Hurstbourne is a home rule-class city in Jefferson County, Kentucky, United States. As of the 2020 census, Hurstbourne had a population of 4,683. It is part of the Louisville Metro Government.
==History==

The land of the present city was part of a military grant to Henry Harrison. It was surveyed by John Floyd in 1774 and first settled by Maj. William Linn, who erected Linn's Station along Beargrass Creek in 1779. It was probably located along the east side of what is now Hurstbourne Parkway and at the time formed a part of the road from the Falls of the Ohio to Fort Harrod. The victims of the 1781 Long Run Massacre were on their way to this site from Squire Boone's Station when they were attacked by Indians and British soldiers. Finding their claim to the land's title questionable, Linn's heirs abandoned the site in the 1790s.

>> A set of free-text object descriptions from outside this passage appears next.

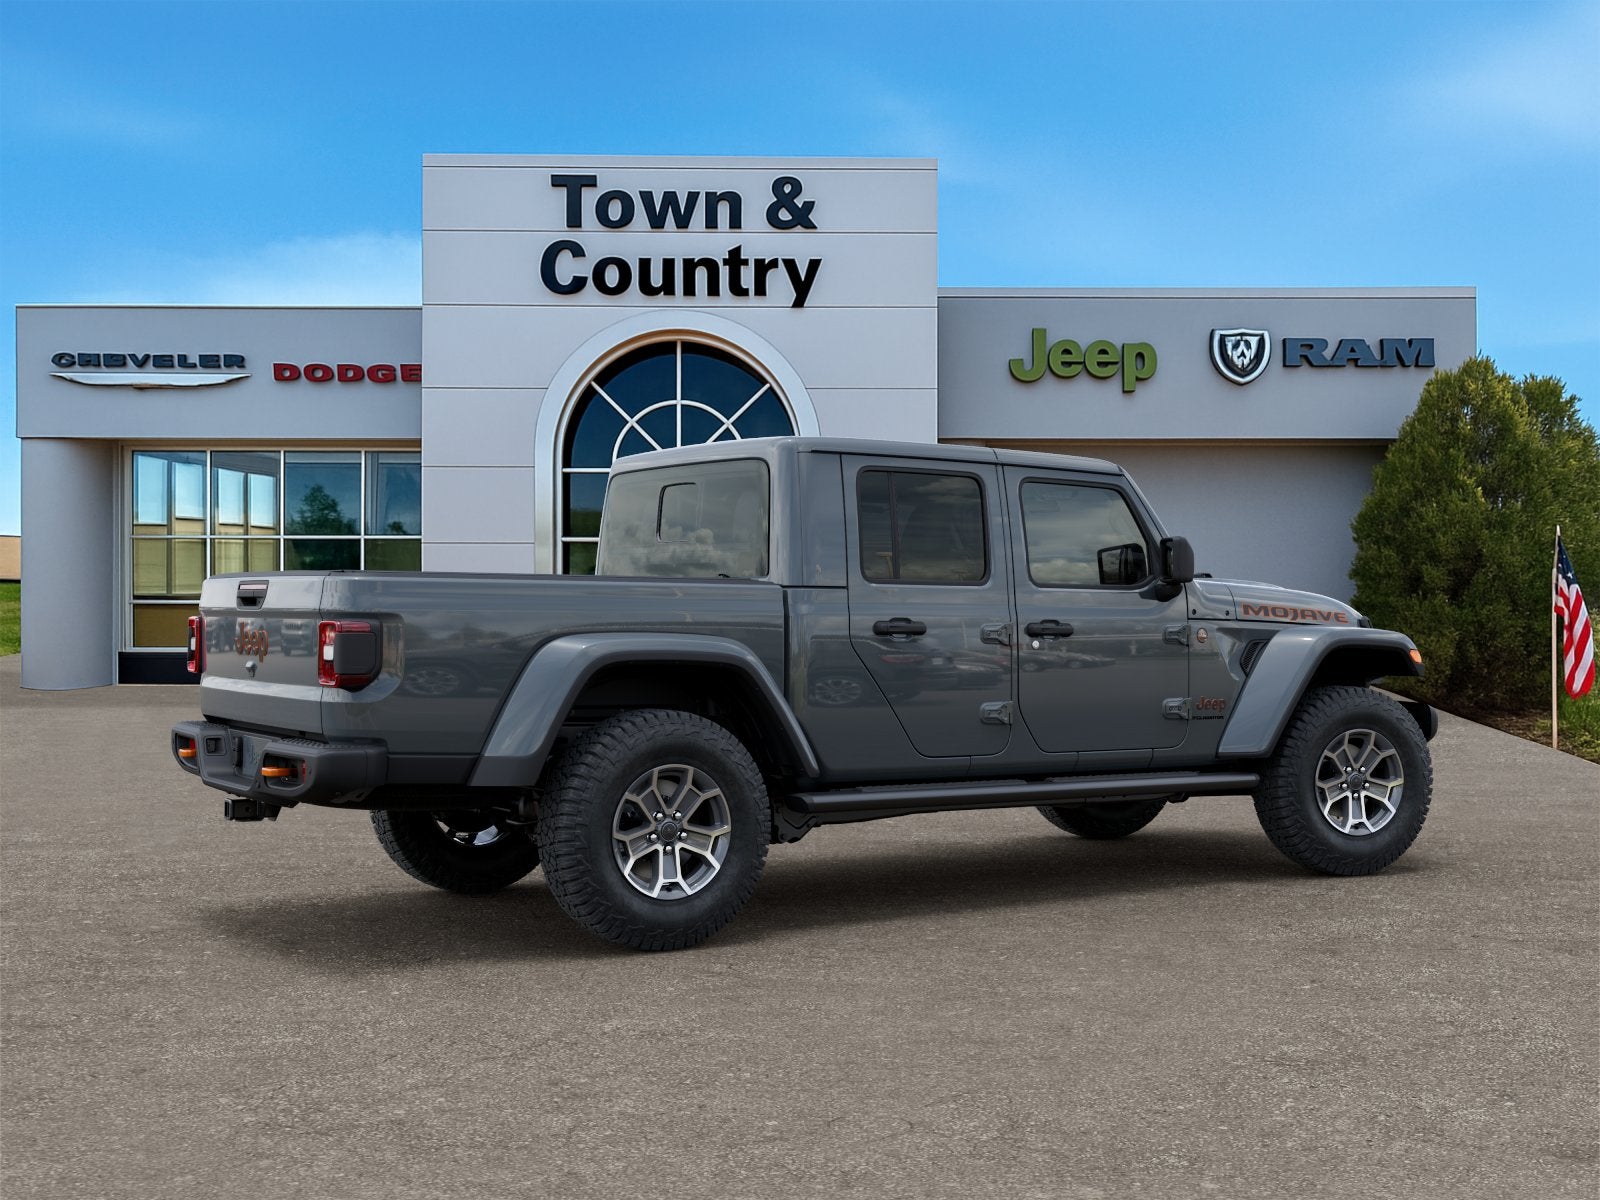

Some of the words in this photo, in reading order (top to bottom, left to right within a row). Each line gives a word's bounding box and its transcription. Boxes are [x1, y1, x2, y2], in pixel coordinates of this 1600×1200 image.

[550, 174, 742, 229] Town
[765, 176, 818, 230] &
[540, 239, 822, 308] Country
[1009, 328, 1157, 392] Jeep
[1282, 337, 1435, 368] RAM
[273, 363, 422, 383] DODGE
[1241, 602, 1349, 624] MOJAVE
[234, 621, 269, 664] Jeep
[1196, 696, 1225, 714] Jeep
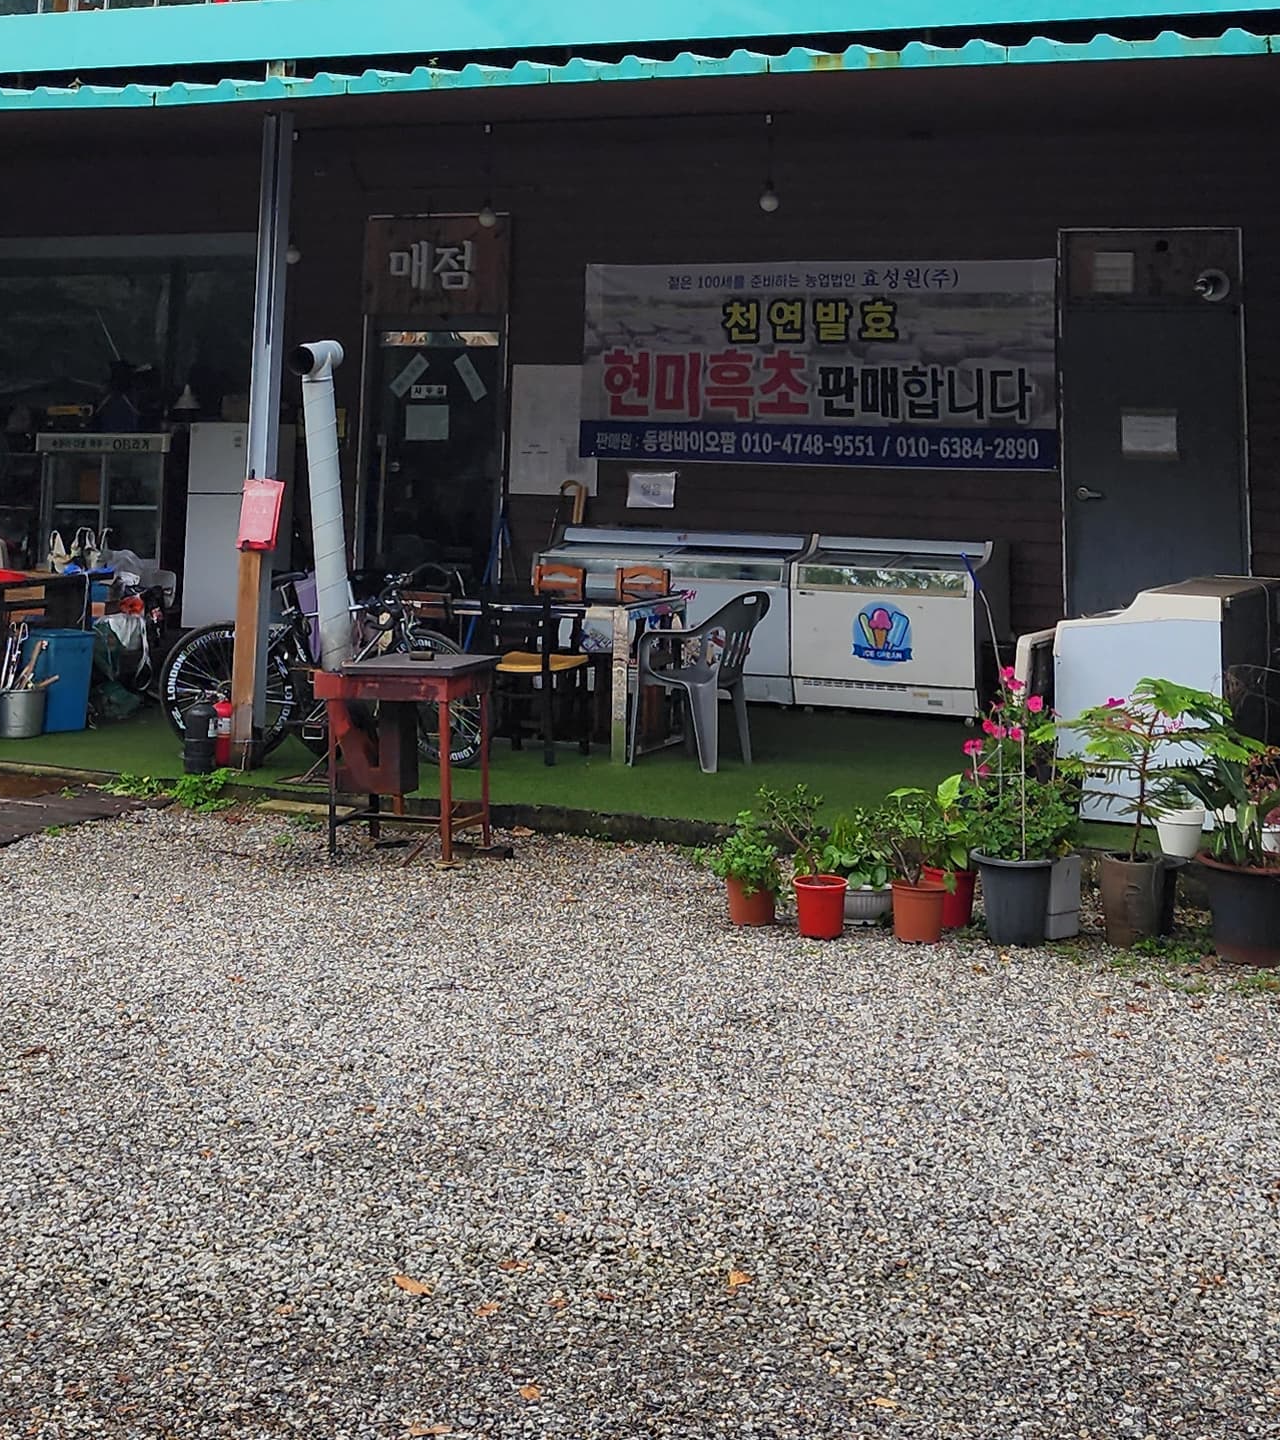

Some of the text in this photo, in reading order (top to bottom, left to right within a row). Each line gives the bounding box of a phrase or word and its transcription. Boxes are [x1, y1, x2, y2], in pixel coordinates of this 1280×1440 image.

[389, 240, 472, 290] 매점
[667, 268, 959, 290] 젊은 100세를 준비하는 농업법인 효성원(주)
[722, 298, 900, 344] 천연발효
[603, 347, 1032, 420] 현미흑초 판매합니다
[642, 429, 737, 455] 동방바이오팜
[741, 432, 875, 458] 010-4748-9551
[896, 435, 1040, 461] 010-6384-2890
[167, 650, 187, 701] LONDON
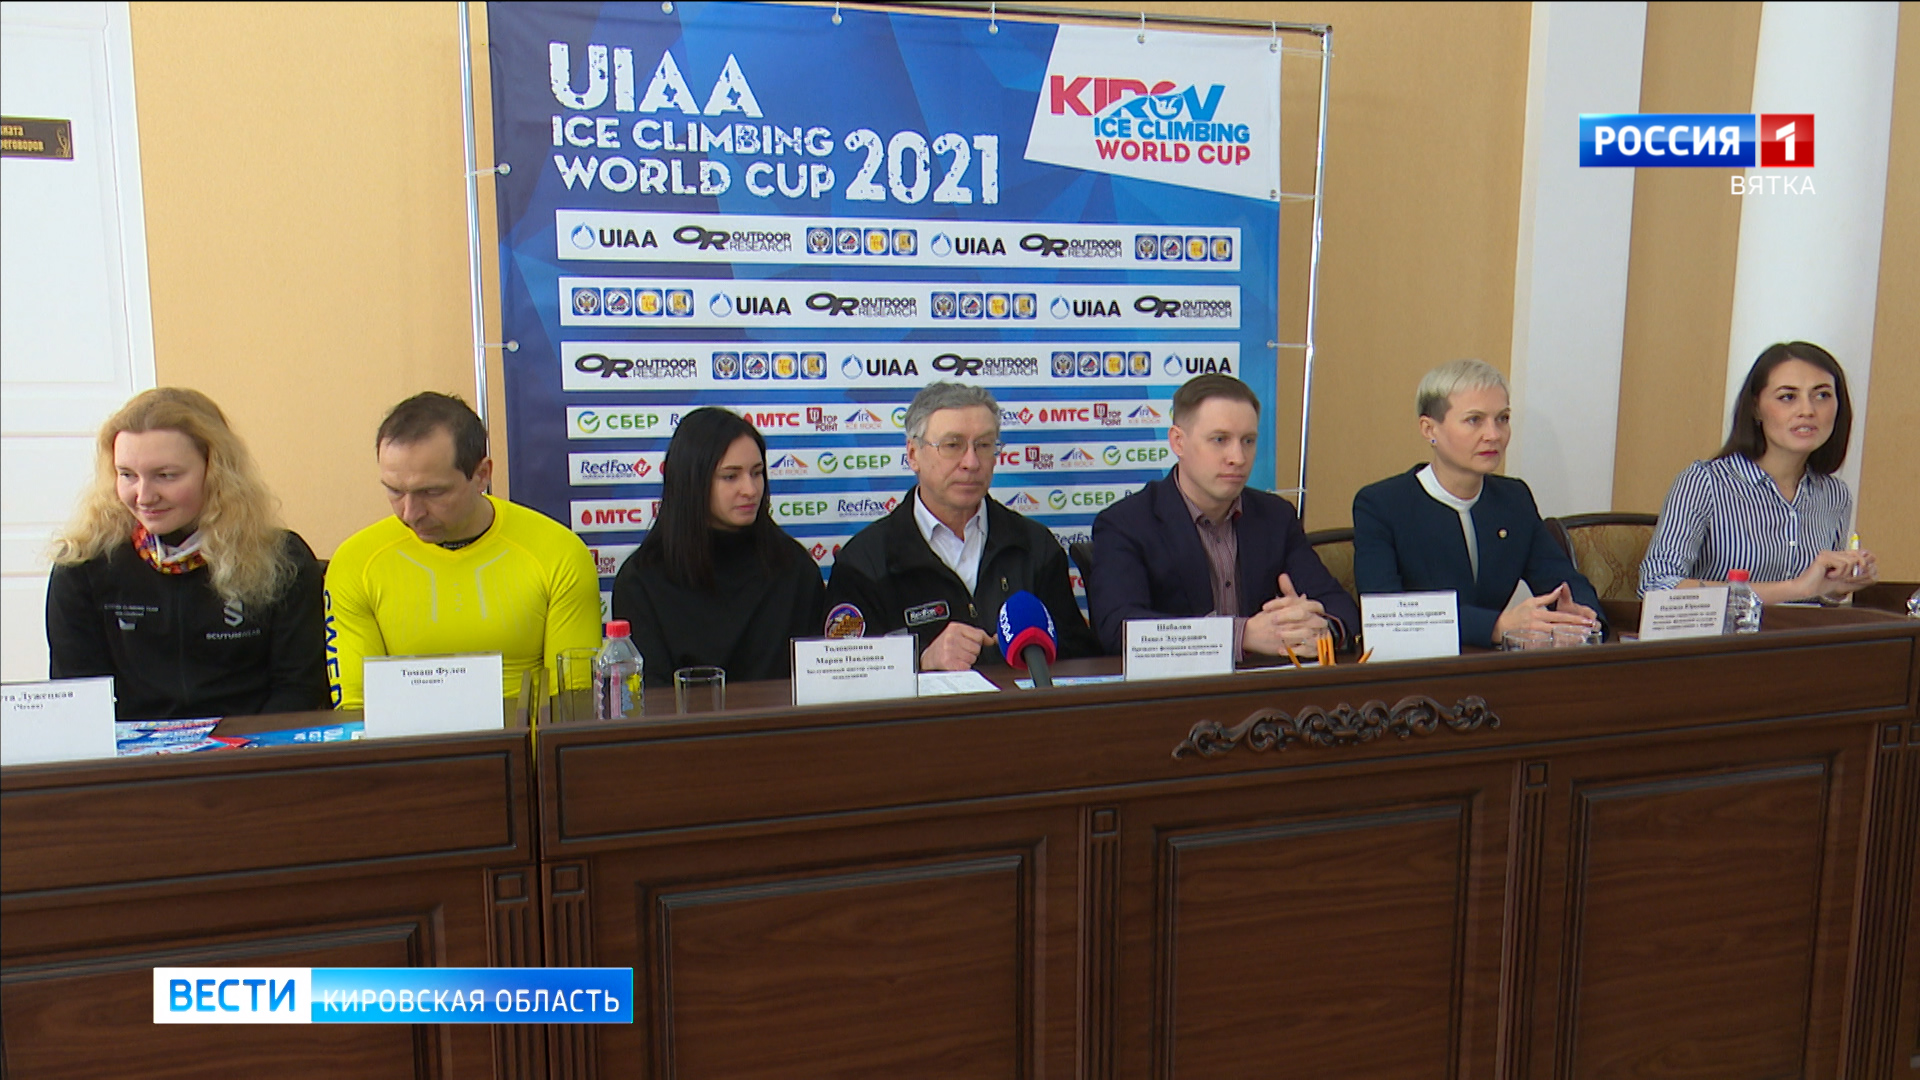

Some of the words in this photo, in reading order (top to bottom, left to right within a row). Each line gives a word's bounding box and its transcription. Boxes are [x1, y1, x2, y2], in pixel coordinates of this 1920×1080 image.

[548, 42, 764, 117] UIAA
[1050, 75, 1226, 122] KIROV
[552, 115, 620, 148] ICE
[632, 118, 834, 157] CLIMBING
[1094, 117, 1131, 138] ICE
[1137, 119, 1250, 144] CLIMBING
[1095, 139, 1190, 163] WORLD
[1198, 144, 1251, 166] CUP
[844, 129, 999, 205] 2021
[553, 154, 732, 196] WORLD
[744, 160, 837, 199] CUP
[599, 229, 658, 248] UIAA
[732, 231, 792, 242] OUTDOOR
[955, 237, 1006, 256] UIAA
[1070, 239, 1122, 250] OUTDOOR
[736, 296, 792, 315] UIAA
[861, 297, 917, 308] OUTDOOR
[1073, 299, 1121, 317] UIAA
[1182, 300, 1231, 310] OUTDOOR
[635, 359, 696, 368] OUTDOOR
[866, 358, 919, 377] UIAA
[985, 357, 1037, 367] OUTDOOR
[1185, 357, 1231, 374] UIAA
[756, 413, 800, 428] МТС
[823, 415, 838, 423] TOP
[1000, 408, 1018, 419] Fox
[1051, 408, 1090, 422] МТС
[606, 414, 659, 429] СБЕР
[815, 423, 838, 432] POINT
[1101, 418, 1121, 426] POINT
[996, 451, 1020, 466] ТС
[1040, 453, 1054, 462] TOP
[1126, 447, 1169, 462] СБЕР
[581, 459, 634, 475] RedFox
[843, 455, 891, 470] СБЕР
[1033, 461, 1054, 470] POINT
[837, 499, 885, 513] RedFox
[1072, 491, 1116, 506] СБЕР
[595, 508, 642, 524] МТС
[779, 501, 828, 516] СБЕР
[1054, 533, 1092, 545] RedFo
[597, 565, 615, 574] OINT
[401, 668, 433, 678] Томаш

In 1789, however, Colonel Richard Anderson purchased 500 acre of land in the area and established his estate under the name "Soldier's Retreat". His house suffered damage in the 1811 earthquake, was struck by lightning, and was demolished in the 1840s. By 1842, John Jeremiah Jacob owned the property and erected Lyndon Hall, now part of the Hurstbourne Country Club's clubhouse.

In 1915, the Hert family acquired the property and renamed it "Hurstbourne". Hurstbourne Parkway was created in 1935 when an earlier lane was widened. By 1965, the property was called "Highbaugh Farms" and, owing to the expansion of Louisville, commercial and residential development began. It incorporated as a city in 1982 to prevent its annexation by Louisville. Almost all of the available land inside the city's limits was developed by 1990.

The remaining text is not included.